[Saved data entries]
____________________

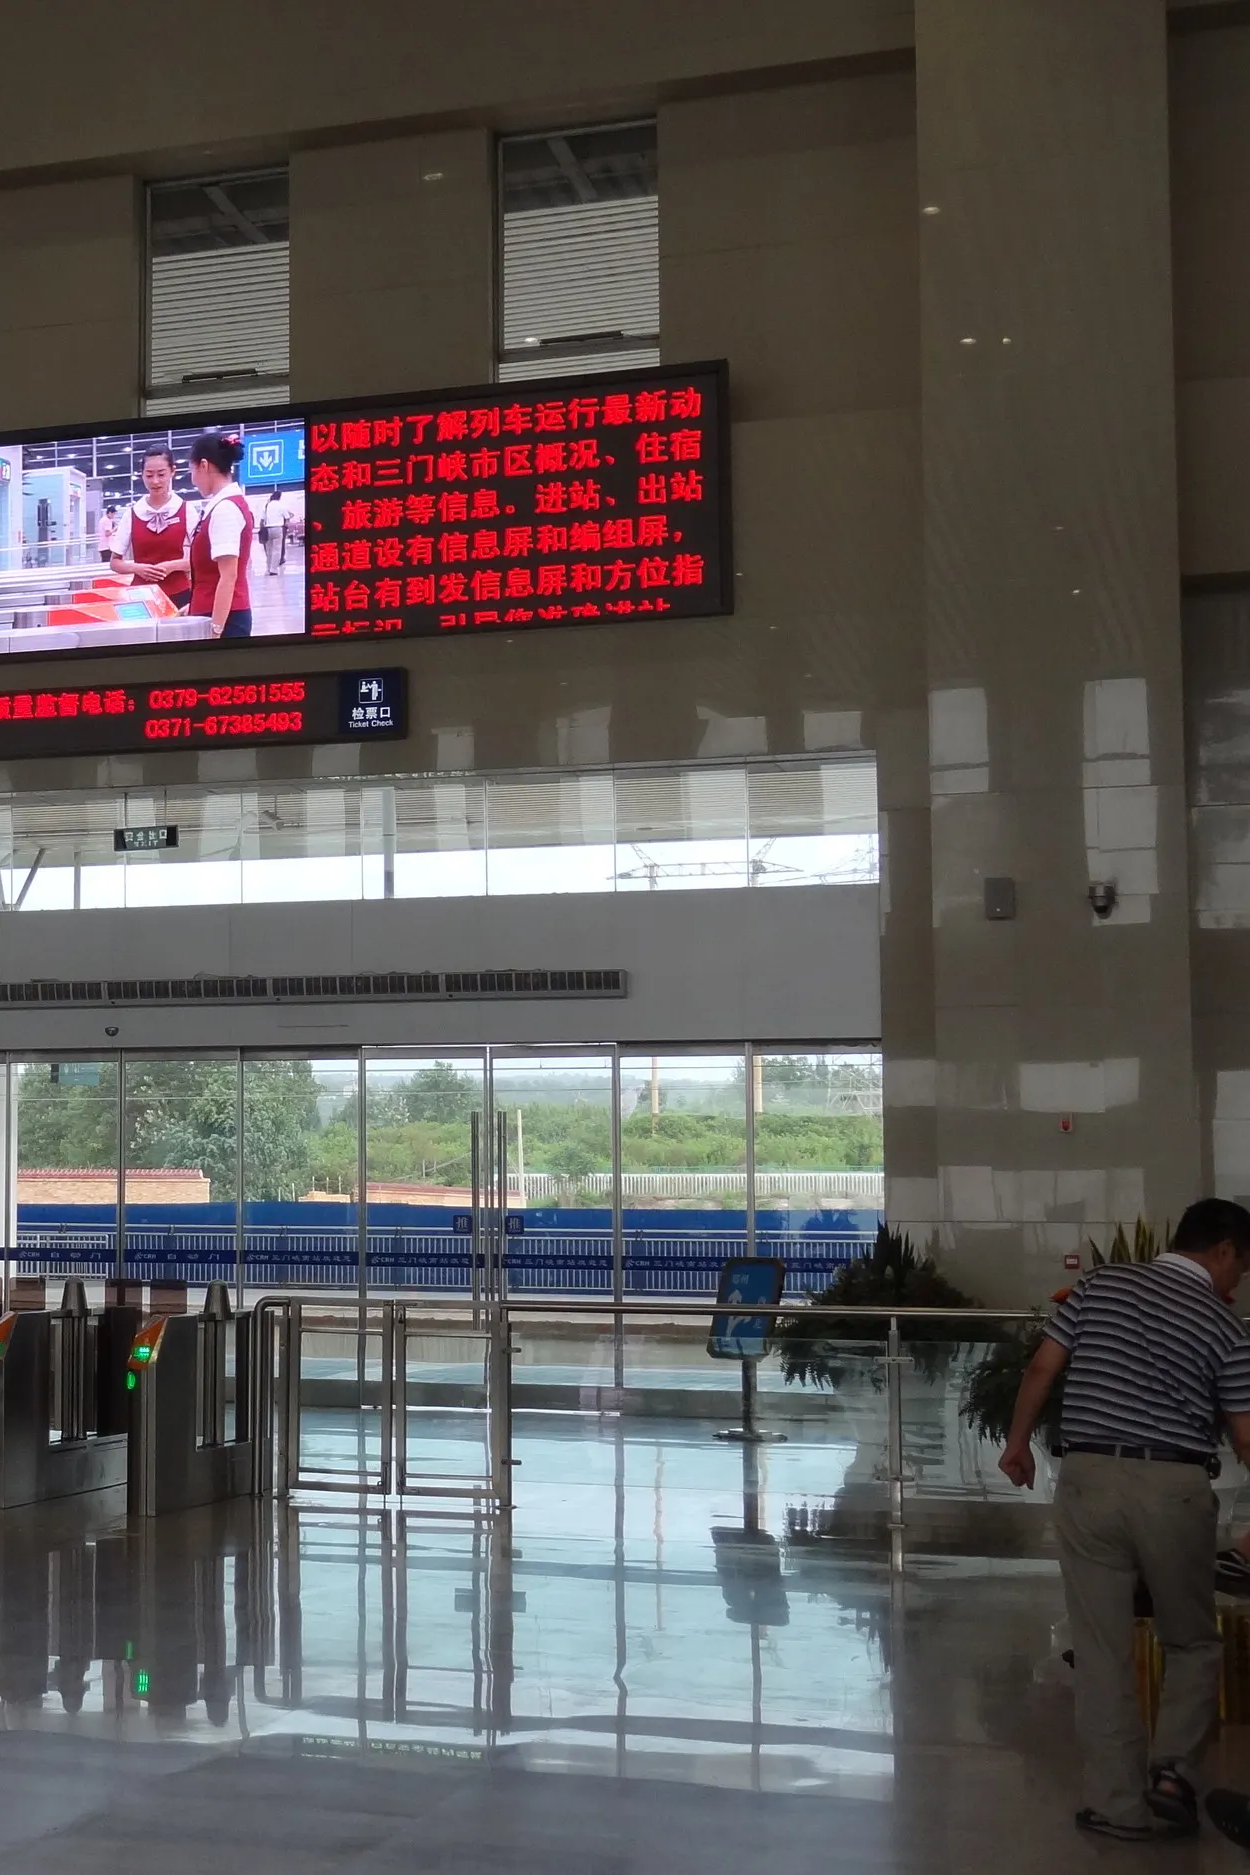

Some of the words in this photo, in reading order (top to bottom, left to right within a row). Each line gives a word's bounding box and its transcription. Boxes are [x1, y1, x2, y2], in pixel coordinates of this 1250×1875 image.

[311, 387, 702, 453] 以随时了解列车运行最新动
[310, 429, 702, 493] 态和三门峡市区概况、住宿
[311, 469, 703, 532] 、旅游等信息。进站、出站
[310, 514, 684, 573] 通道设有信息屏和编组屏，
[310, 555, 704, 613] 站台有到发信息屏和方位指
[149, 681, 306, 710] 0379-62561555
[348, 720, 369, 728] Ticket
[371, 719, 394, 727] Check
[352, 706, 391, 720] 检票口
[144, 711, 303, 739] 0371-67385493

____________________

*ABOUT THIS TASK*:
What is needed is an exact output of the records above, with every picture left out.

*OUTPUT*:
Some of the words in this photo, in reading order (top to bottom, left to right within a row). Each line gives a word's bounding box and its transcription. Boxes are [x1, y1, x2, y2], in pixel coordinates of this 1250×1875 image.

[311, 387, 702, 453] 以随时了解列车运行最新动
[310, 429, 702, 493] 态和三门峡市区概况、住宿
[311, 469, 703, 532] 、旅游等信息。进站、出站
[310, 514, 684, 573] 通道设有信息屏和编组屏，
[310, 555, 704, 613] 站台有到发信息屏和方位指
[149, 681, 306, 710] 0379-62561555
[348, 720, 369, 728] Ticket
[371, 719, 394, 727] Check
[352, 706, 391, 720] 检票口
[144, 711, 303, 739] 0371-67385493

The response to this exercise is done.